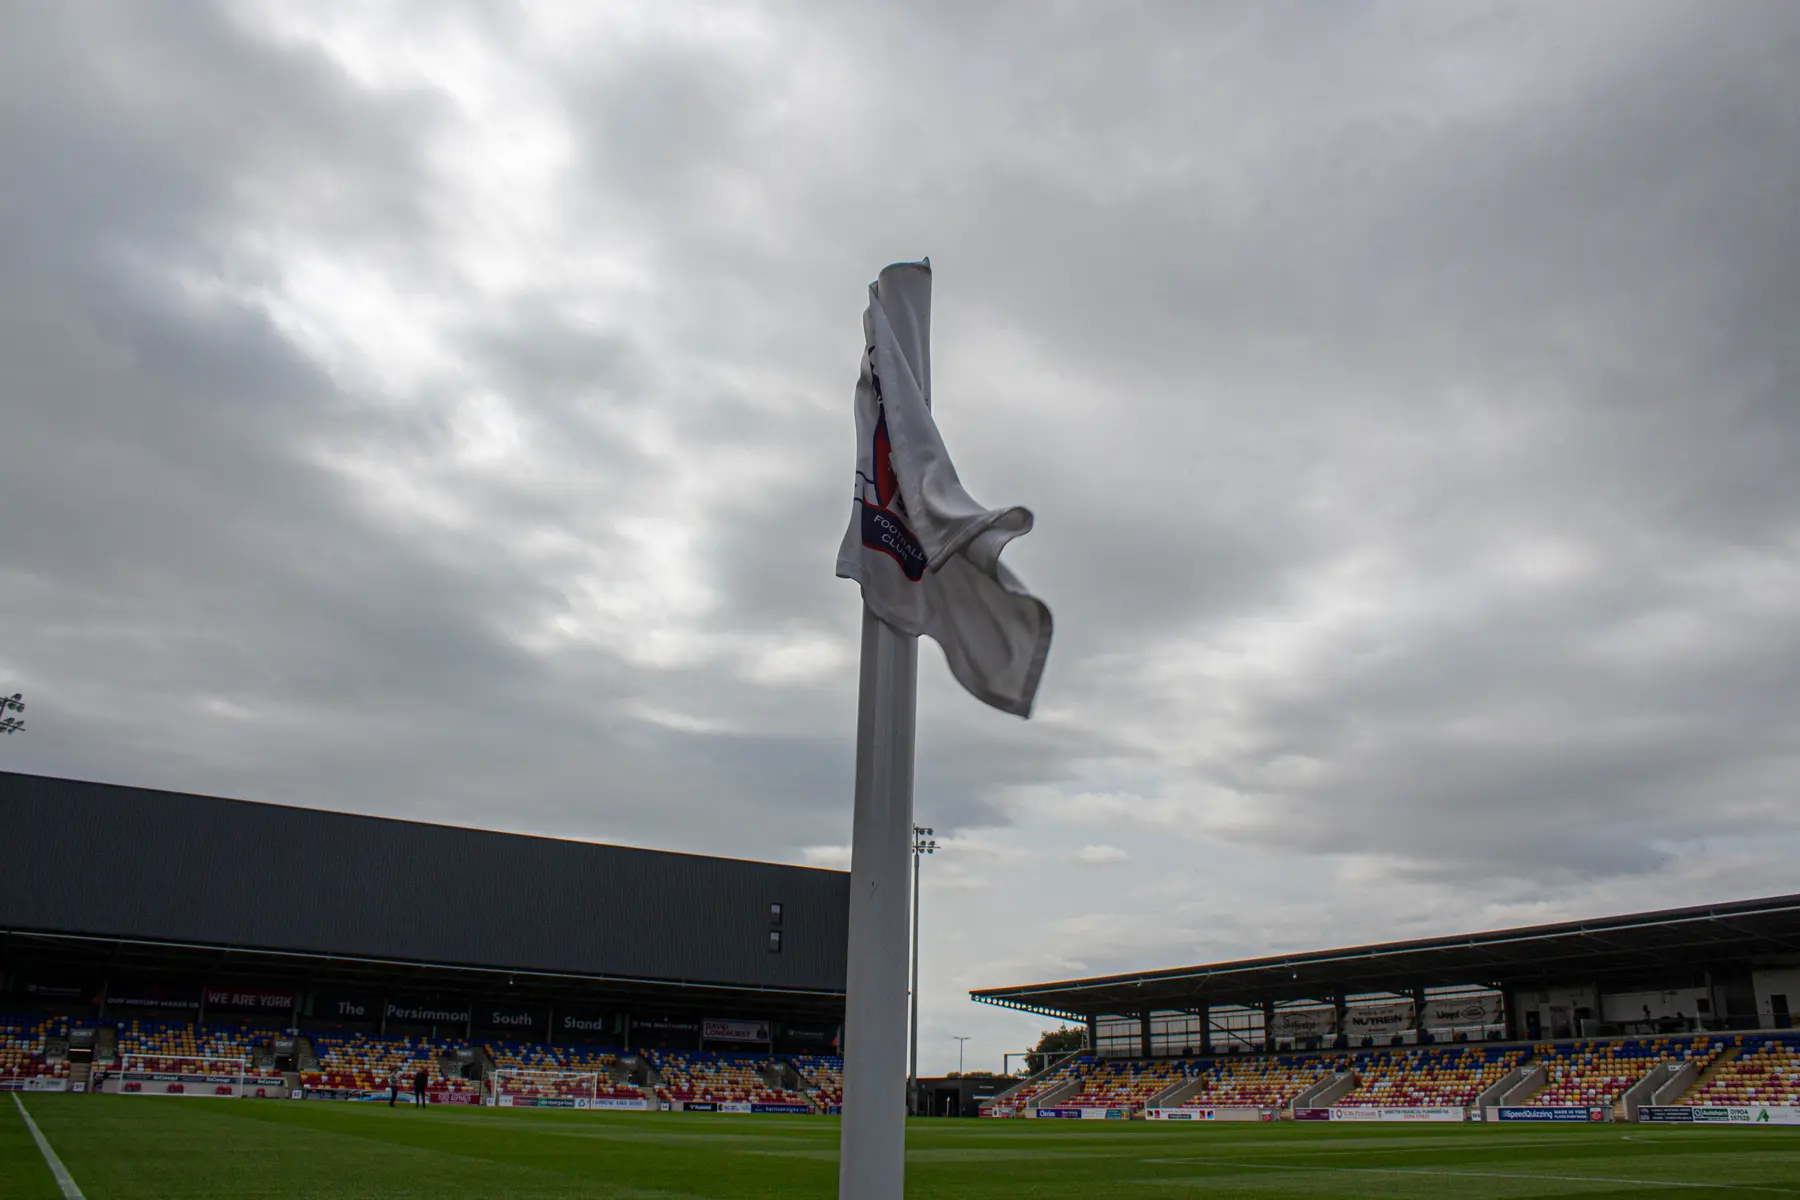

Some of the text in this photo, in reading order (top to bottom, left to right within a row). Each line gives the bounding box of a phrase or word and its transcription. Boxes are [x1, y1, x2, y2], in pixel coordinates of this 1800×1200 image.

[874, 514, 923, 561] FOOTBALL
[881, 533, 908, 560] CLUB
[208, 991, 292, 1008] WE ARE YORK
[338, 1001, 365, 1015] The
[387, 1004, 468, 1021] Persimmon
[492, 1012, 532, 1026] South
[564, 1016, 602, 1030] Stand
[1507, 1110, 1553, 1119] SpeedQuizzing
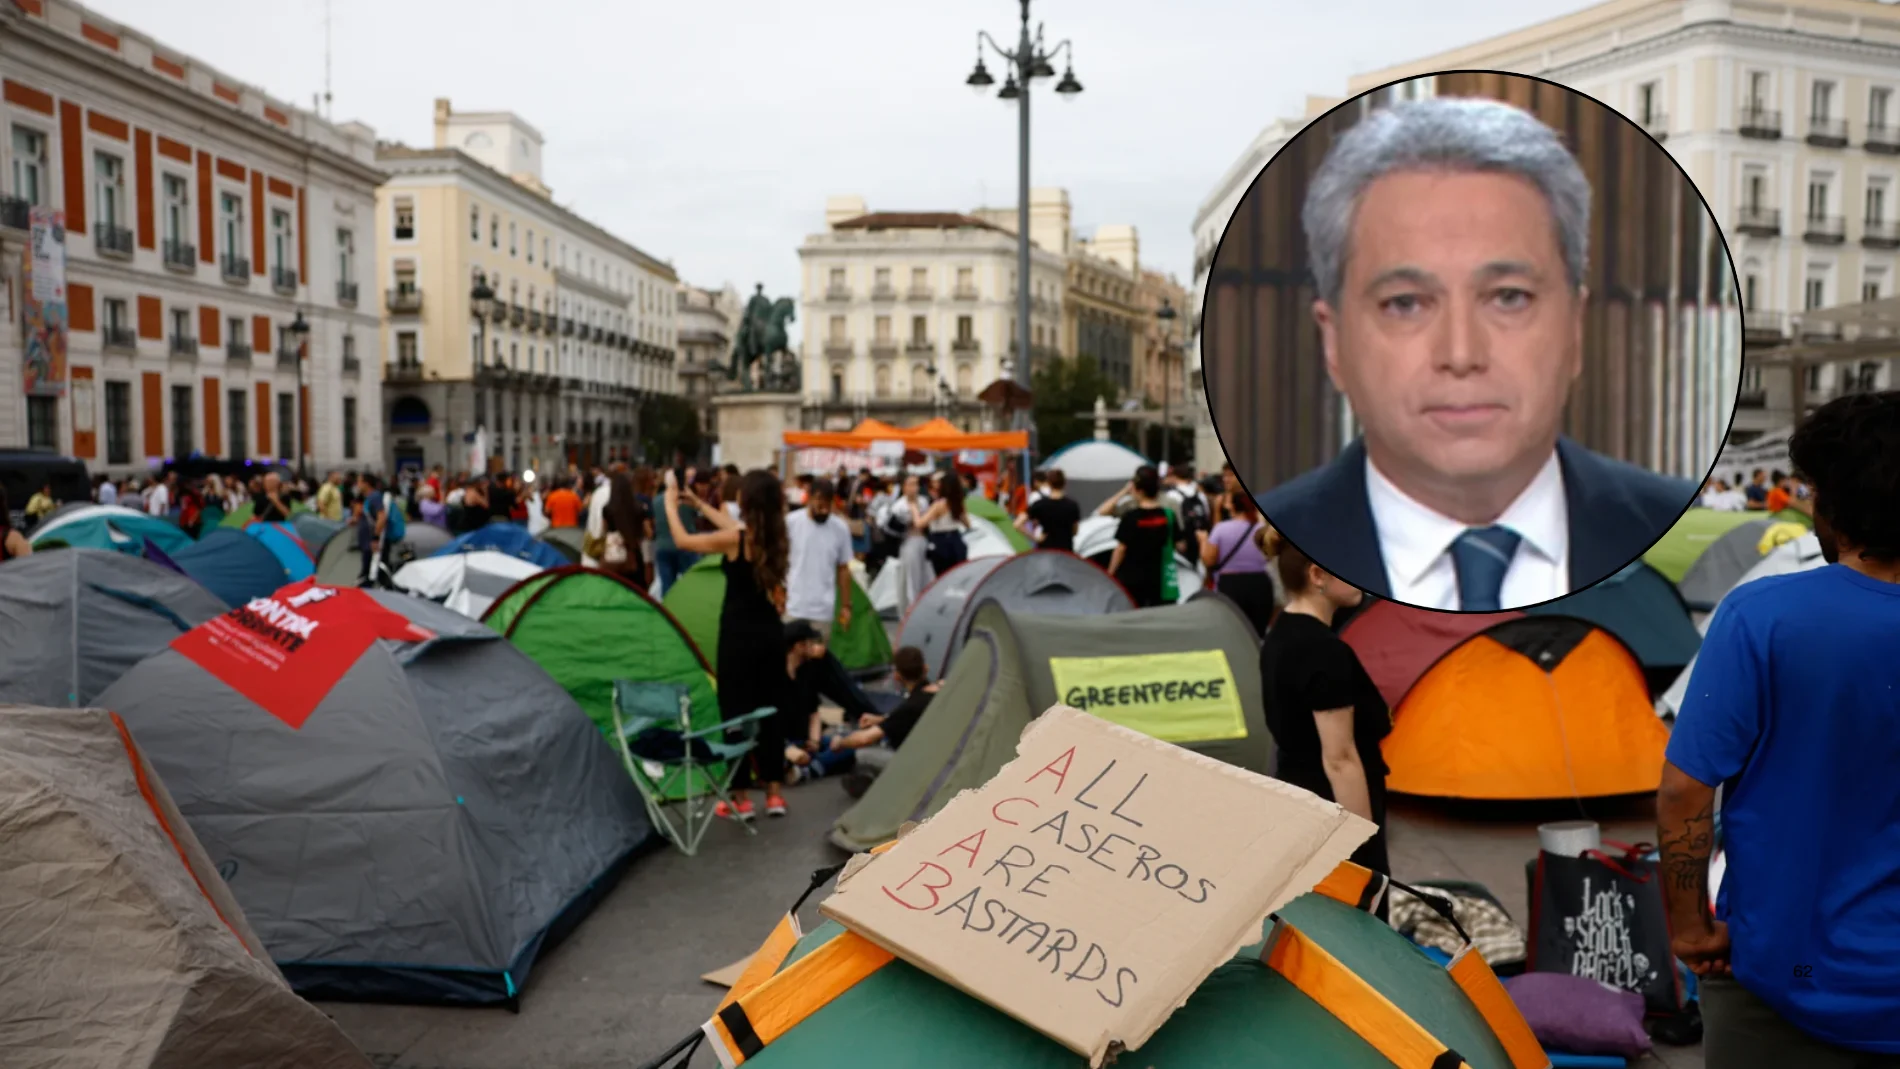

========

Try it => The listing above, line by line: print it exactly, but not its pictures.

Response to the exercise =>
Some of the text in this photo, in reading order (top to bottom, left to right within a row). Each line gives the bounding box of a phrase or word and its transcription. Boxes are [x1, y1, x2, y2], in pixel coordinates of this 1800×1200 image.

[874, 514, 923, 561] FOOTBALL
[881, 533, 908, 560] CLUB
[208, 991, 292, 1008] WE ARE YORK
[338, 1001, 365, 1015] The
[387, 1004, 468, 1021] Persimmon
[492, 1012, 532, 1026] South
[564, 1016, 602, 1030] Stand
[1507, 1110, 1553, 1119] SpeedQuizzing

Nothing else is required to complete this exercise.